**What is needed**
All lines from the one that mentions "this 1530×1020 image." through the last of the entries below must be copied exactly, with both ends kept.
***** Task input
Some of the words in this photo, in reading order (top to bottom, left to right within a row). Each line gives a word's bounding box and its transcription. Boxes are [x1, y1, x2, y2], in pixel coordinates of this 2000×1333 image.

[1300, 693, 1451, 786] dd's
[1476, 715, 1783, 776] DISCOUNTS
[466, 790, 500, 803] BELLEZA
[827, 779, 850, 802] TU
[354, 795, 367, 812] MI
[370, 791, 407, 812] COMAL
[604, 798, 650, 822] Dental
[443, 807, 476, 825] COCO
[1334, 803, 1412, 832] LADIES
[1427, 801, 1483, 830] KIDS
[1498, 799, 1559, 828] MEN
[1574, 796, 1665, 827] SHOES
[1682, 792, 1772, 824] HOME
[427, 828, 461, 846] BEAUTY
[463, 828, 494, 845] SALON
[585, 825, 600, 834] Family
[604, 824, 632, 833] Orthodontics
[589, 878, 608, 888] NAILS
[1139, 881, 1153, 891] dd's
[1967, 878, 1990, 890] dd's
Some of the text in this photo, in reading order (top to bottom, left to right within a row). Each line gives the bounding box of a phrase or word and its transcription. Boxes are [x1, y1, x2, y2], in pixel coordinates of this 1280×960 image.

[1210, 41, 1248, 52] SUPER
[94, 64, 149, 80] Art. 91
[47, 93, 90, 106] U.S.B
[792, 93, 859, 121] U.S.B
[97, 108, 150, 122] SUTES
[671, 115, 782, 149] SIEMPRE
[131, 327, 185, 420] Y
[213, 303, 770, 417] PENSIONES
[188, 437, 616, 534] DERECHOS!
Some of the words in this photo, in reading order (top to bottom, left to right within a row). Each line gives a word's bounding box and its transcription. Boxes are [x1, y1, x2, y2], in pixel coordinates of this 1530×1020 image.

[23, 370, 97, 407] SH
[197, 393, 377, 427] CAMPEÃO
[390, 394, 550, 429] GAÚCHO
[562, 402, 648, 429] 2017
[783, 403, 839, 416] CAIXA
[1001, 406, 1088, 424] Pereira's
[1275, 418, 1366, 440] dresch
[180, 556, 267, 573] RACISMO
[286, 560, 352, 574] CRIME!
**********
**Task answer**
Some of the words in this photo, in reading order (top to bottom, left to right within a row). Each line gives a word's bounding box and its transcription. Boxes are [x1, y1, x2, y2], in pixel coordinates of this 1530×1020 image.

[23, 370, 97, 407] SH
[197, 393, 377, 427] CAMPEÃO
[390, 394, 550, 429] GAÚCHO
[562, 402, 648, 429] 2017
[783, 403, 839, 416] CAIXA
[1001, 406, 1088, 424] Pereira's
[1275, 418, 1366, 440] dresch
[180, 556, 267, 573] RACISMO
[286, 560, 352, 574] CRIME!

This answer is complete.